A moins d’un mois de la période de réserve avant les élections municipales de mars 2026, les six mois qui précèdent celle-ci étant très précisément codifiés (ouverture des comptes de campagne, communication très encadrée sur les réalisations de la collectivité) Mathieu Hanotin et Michel Fourcade gratifient leurs « administrés » d’une campagne d’autopromotion qualifiée de bilan de mandat 2020-2025, avec une brochure de 48 pages intitulée « 5 ans à vos côtés ». Pas 48 pages d’une édition pour la commune nouvelle, non deux fois 48 pages. Pour les Dionysiens et pour les Pierrefittois.
Quand Mathieu Hanotin et Michel Fourcade mutualisent chaque « euro utile », c’est un 96 pages.
Encore quelques semaines, quelques jours et il aurait fallu intégrer cette dépense dans les futurs comptes de campagne de ces deux candidats. Calculé donc pile poil donc en terme de calendrier et donc financé sur fonds publics, par tous les Dionysiens et les Pierrefittois. « Chaque euro dépensé doit être un euro utile » aime à dire Mathieu Hanotin. On conviendra que de ce point de vue, il n’y a pas meilleure illustration de l’adage « On n’est jamais mieux servi que par soi-même ». Notons déjà qu’en général un document de bilan est présent comme un document de bilan, là sans honte, ce sont des hors-série du « journal d’informations » les Nouvelles. Ben voyons !

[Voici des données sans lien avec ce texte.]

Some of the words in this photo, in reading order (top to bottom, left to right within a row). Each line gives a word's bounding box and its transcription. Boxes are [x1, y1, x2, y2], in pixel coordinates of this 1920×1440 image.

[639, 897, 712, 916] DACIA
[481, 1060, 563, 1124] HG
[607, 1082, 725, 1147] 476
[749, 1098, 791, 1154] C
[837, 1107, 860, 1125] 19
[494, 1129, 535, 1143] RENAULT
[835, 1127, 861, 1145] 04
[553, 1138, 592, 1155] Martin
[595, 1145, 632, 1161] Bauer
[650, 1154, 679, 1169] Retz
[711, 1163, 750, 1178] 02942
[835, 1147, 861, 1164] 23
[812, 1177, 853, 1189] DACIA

D’abord combien coûte ce genre de pure propagande. Nous savons que l’édition dionysienne a été tiré à 52000 exemplaires. L’édition Pierrefittoise à 14000 exemplaires. Approximativement, il est à parier que la note a dépassé les 60000 euros. On voit que Mathieu Hanotin et Michel Fourcade ne lésinent pas à la dépense pour promouvoir leurs bilans.
Beaucoup de papier donc. Et du papier direction poubelle.

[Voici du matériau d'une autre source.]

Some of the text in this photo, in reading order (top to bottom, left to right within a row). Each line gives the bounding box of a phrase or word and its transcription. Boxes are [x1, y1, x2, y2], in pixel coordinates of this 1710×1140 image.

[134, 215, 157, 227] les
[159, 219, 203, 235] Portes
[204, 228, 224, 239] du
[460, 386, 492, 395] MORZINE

On ne compte pas le travail en amont, ni la prestation de distribution sur toute la commune nouvelle. On vous précisera les montants exacts dès qu’ils auront été communiqués aux élus d’opposition qui ne manqueront pas d’en faire la demande.
Rappelons-nous qu’un des arguments mis en avant par Mathieu Hanotin pour la suppression du Journal de Saint-Denis, le JSD, l’historique, consistait à dire que c’était un gâchis de papier… que la nouvelle formule serait accessible dans différents points de Saint-Denis, (équipements municipaux et commerces), que cela était suffisant pour finalement revenir à une édition distribuée toutes boites aux lettres sur la ville, non pas d’un journal d’information comme l’était le JSD, mais d’un magazine d’autosatisfaction tous les 15 jours. Puis ce fut « Les nouvelles », pour la commune nouvelle et voilà donc aujourd’hui ces « deux hors-série ».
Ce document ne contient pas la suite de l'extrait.